[What needs to be done]
Set down the whole listing below exactly. The pictures stay out.

[Supplied material]

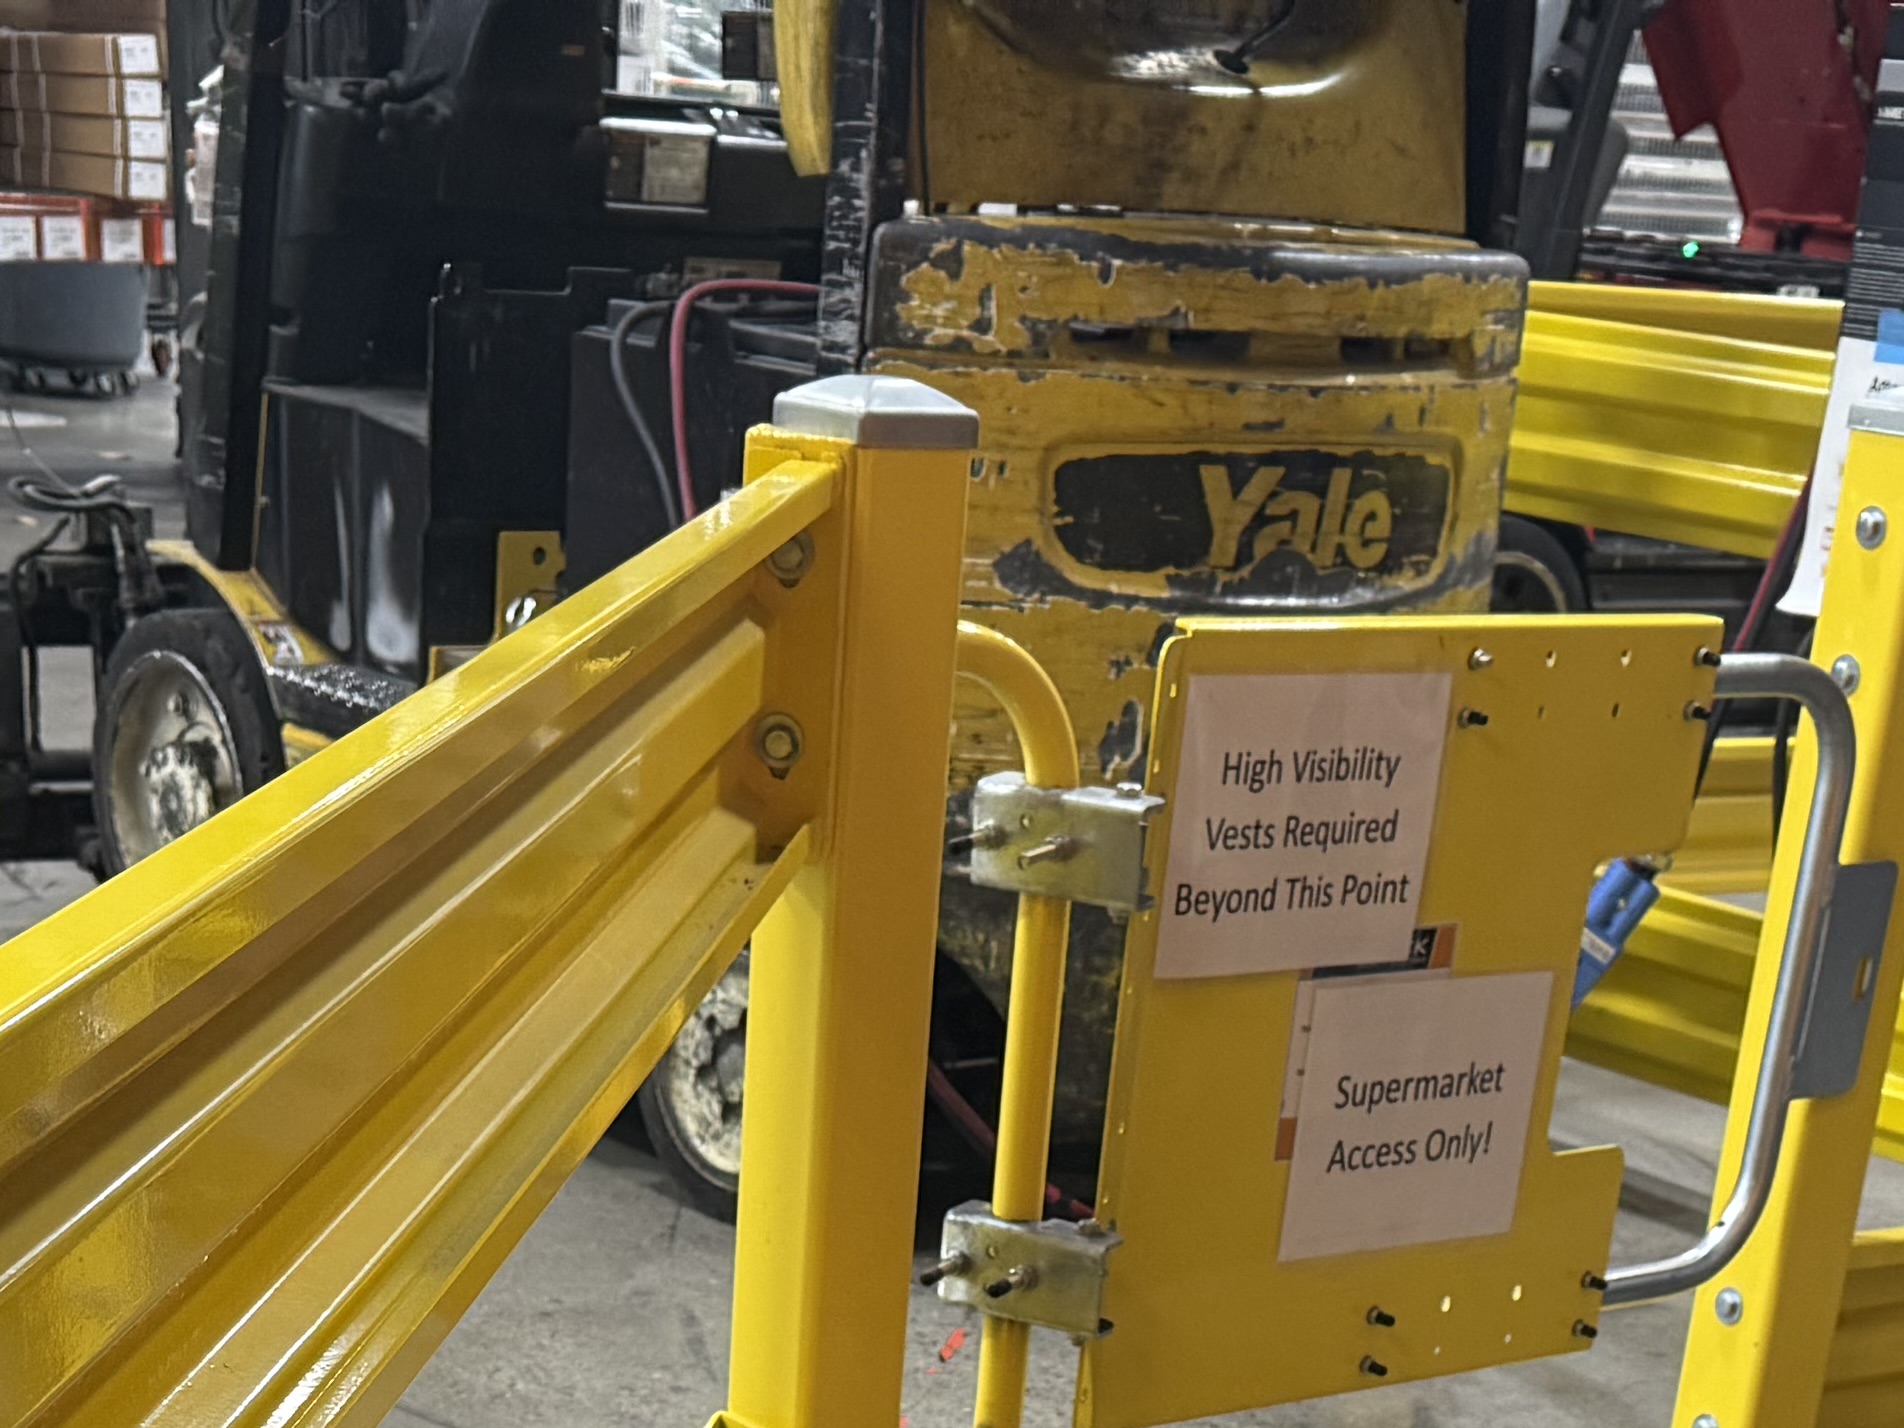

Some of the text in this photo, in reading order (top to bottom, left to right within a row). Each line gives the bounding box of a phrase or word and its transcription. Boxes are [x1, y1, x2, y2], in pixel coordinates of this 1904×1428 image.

[1199, 464, 1392, 569] Yale
[1222, 746, 1401, 793] High Visibility
[1206, 809, 1399, 853] Vests Required
[1175, 872, 1410, 923] Beyond This Point
[1334, 1062, 1506, 1115] Supermarket
[1326, 1121, 1494, 1174] Access Only!
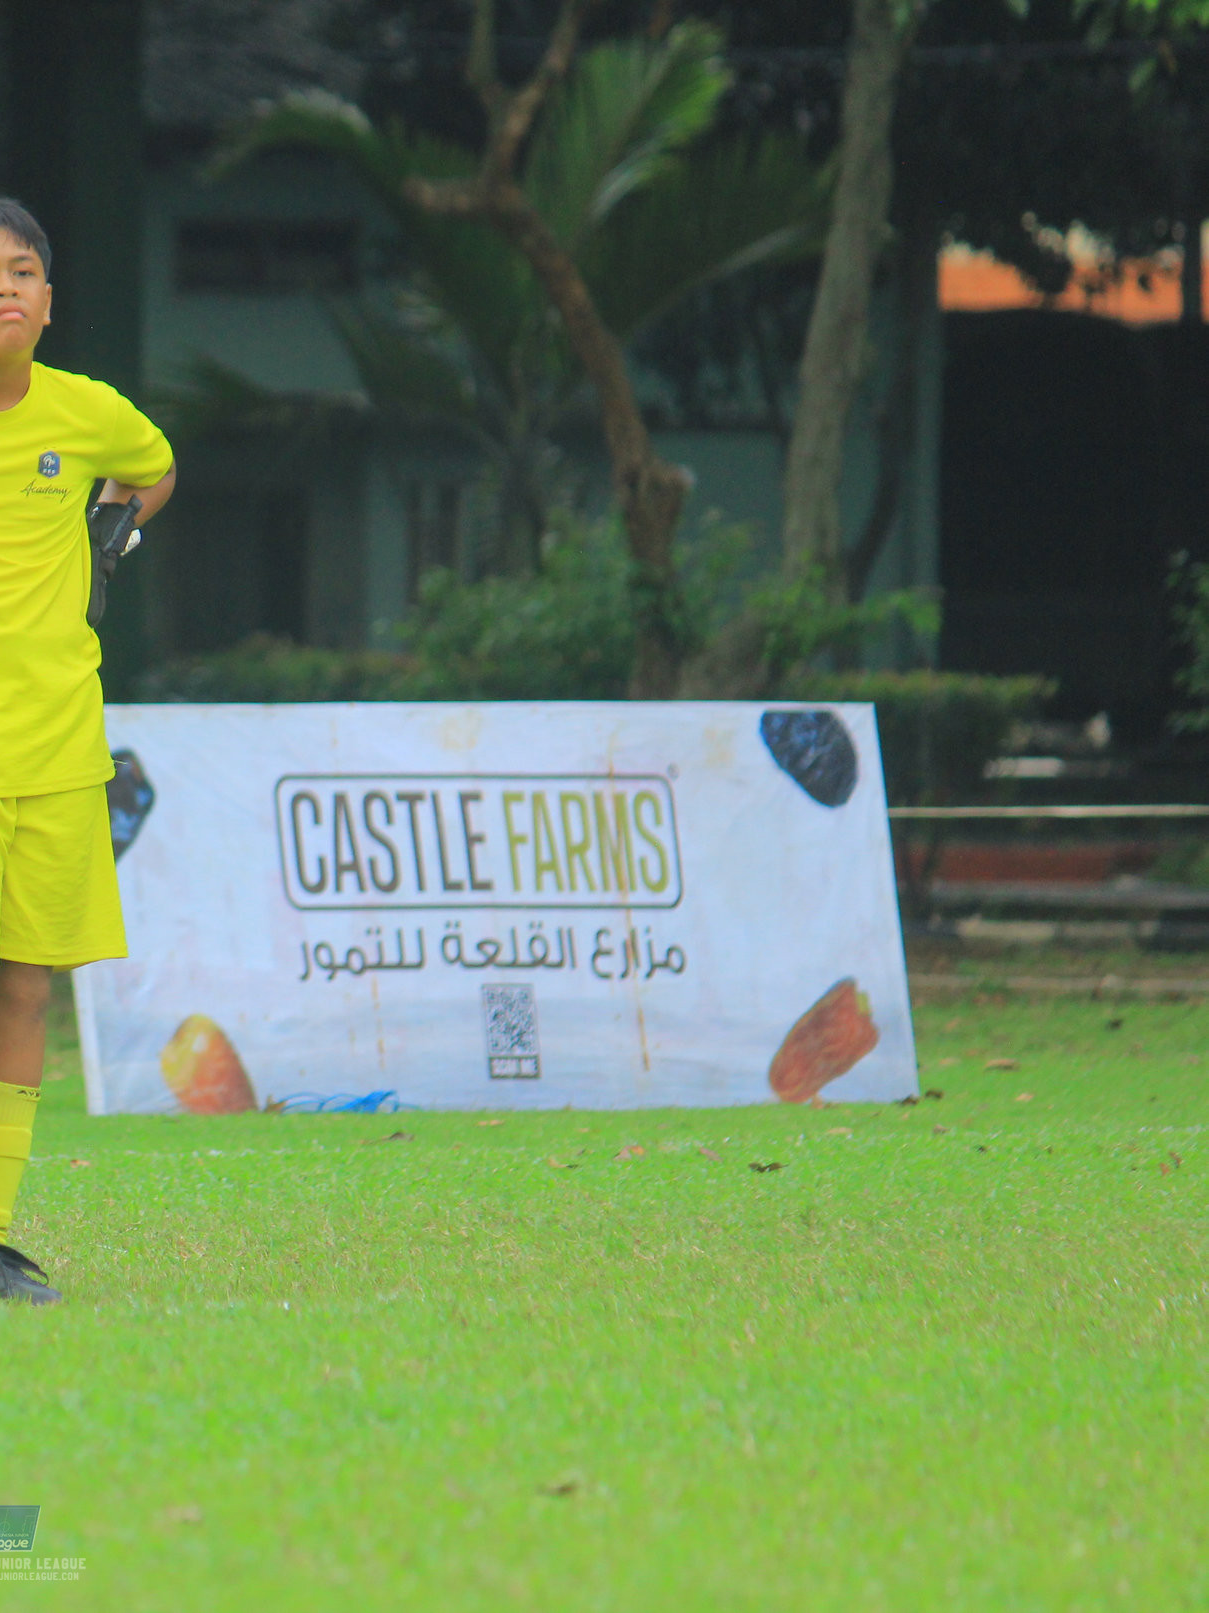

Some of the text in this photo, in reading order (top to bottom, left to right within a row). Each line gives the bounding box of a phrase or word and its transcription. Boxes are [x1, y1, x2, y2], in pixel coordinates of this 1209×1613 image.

[20, 478, 71, 503] Academy
[290, 790, 670, 894] CASTLE FARMS
[298, 921, 687, 981] مزارع القلعة للتمور
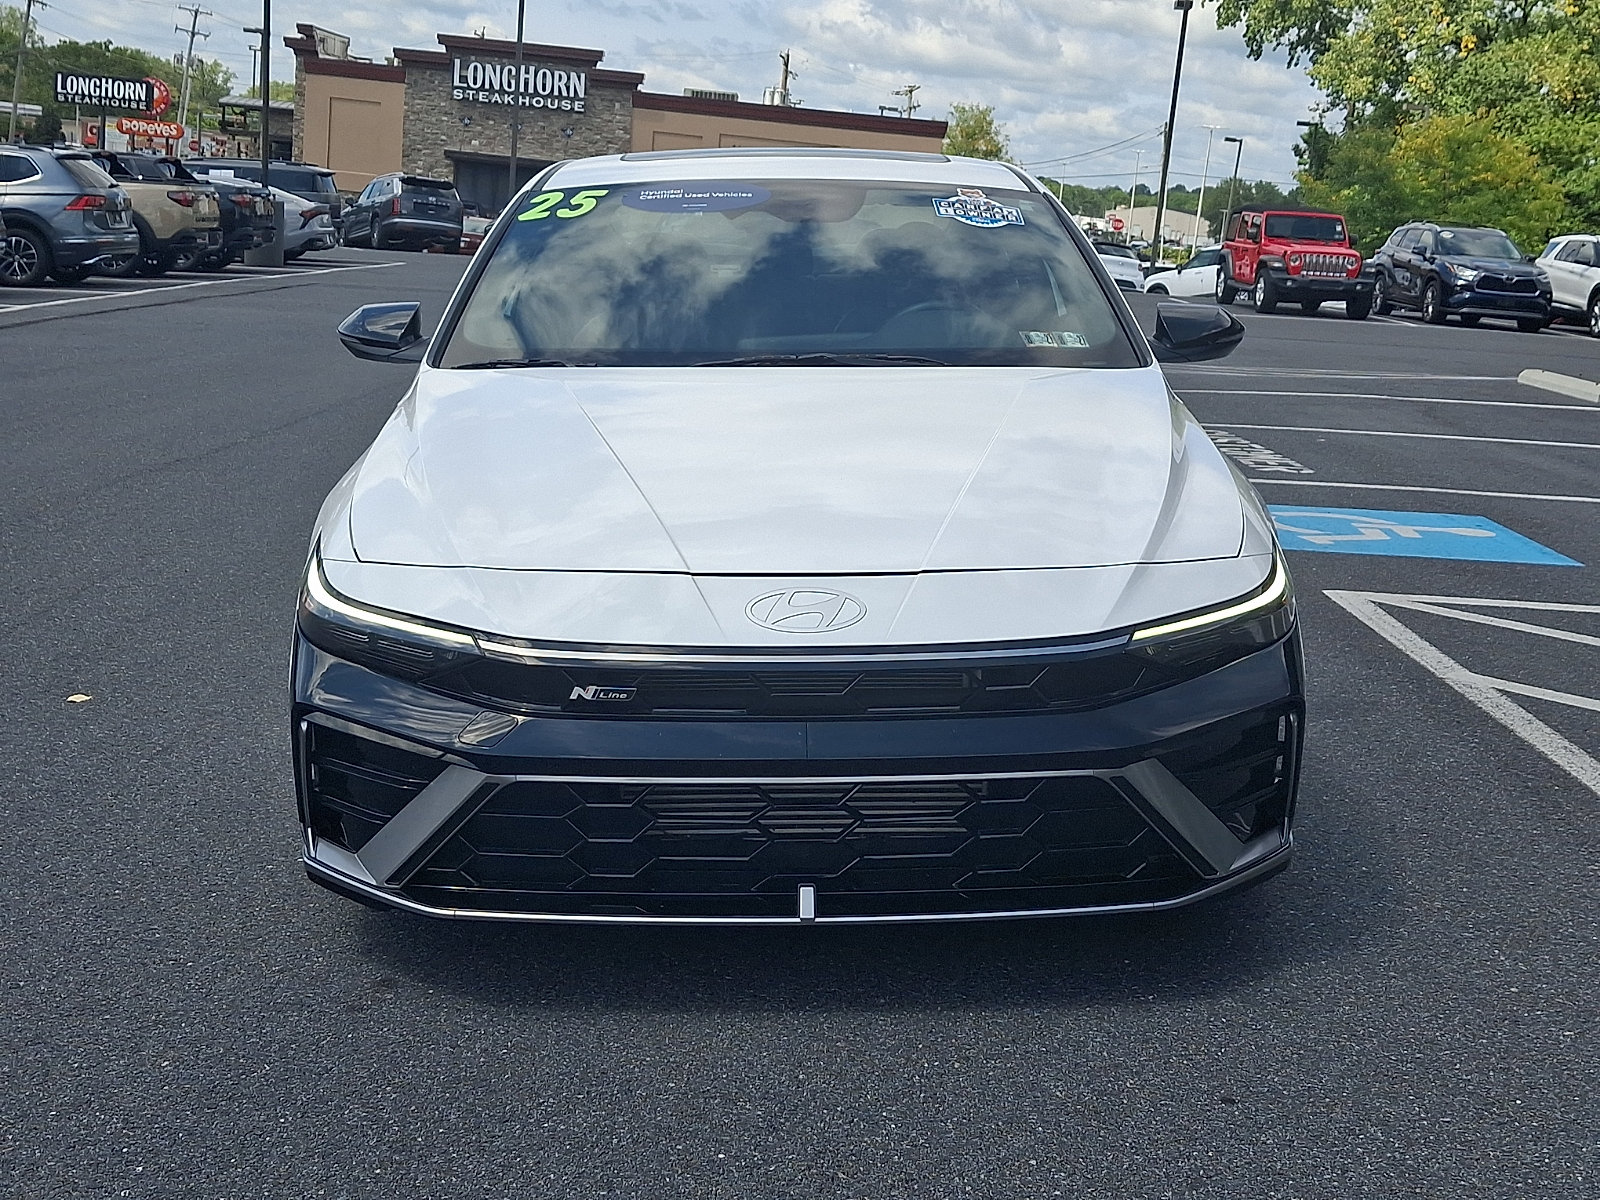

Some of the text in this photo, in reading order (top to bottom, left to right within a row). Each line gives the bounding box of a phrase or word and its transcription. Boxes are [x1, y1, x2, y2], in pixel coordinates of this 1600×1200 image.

[57, 73, 147, 101] LONGHORN
[453, 58, 587, 98] LONGHORN
[57, 93, 147, 110] STEAKHOUSE
[453, 89, 586, 113] STEAKHOUSE
[640, 188, 684, 196] Hyundai
[517, 189, 610, 221] 25
[939, 201, 1017, 215] CARFAX
[599, 691, 628, 699] Line

[Completed exercise]
Some of the text in this photo, in reading order (top to bottom, left to right within a row). Each line gives the bounding box of a phrase or word and its transcription. Boxes are [x1, y1, x2, y2], in pixel coordinates of this 1904×1428 image.

[1199, 464, 1392, 569] Yale
[1222, 746, 1401, 793] High Visibility
[1206, 809, 1399, 853] Vests Required
[1175, 872, 1410, 923] Beyond This Point
[1334, 1062, 1506, 1115] Supermarket
[1326, 1121, 1494, 1174] Access Only!

Some of the text in this photo, in reading order (top to bottom, left to right within a row). Each line gives the bounding box of a phrase or word and its transcription. Boxes are [x1, y1, x2, y2], in pixel coordinates of this 1209×1613 image.

[20, 478, 71, 503] Academy
[290, 790, 670, 894] CASTLE FARMS
[298, 921, 687, 981] مزارع القلعة للتمور

Some of the text in this photo, in reading order (top to bottom, left to right within a row). Each line gives the bounding box of a phrase or word and its transcription. Boxes are [x1, y1, x2, y2], in pixel coordinates of this 1600×1200 image.

[57, 73, 147, 101] LONGHORN
[453, 58, 587, 98] LONGHORN
[57, 93, 147, 110] STEAKHOUSE
[453, 89, 586, 113] STEAKHOUSE
[640, 188, 684, 196] Hyundai
[517, 189, 610, 221] 25
[939, 201, 1017, 215] CARFAX
[599, 691, 628, 699] Line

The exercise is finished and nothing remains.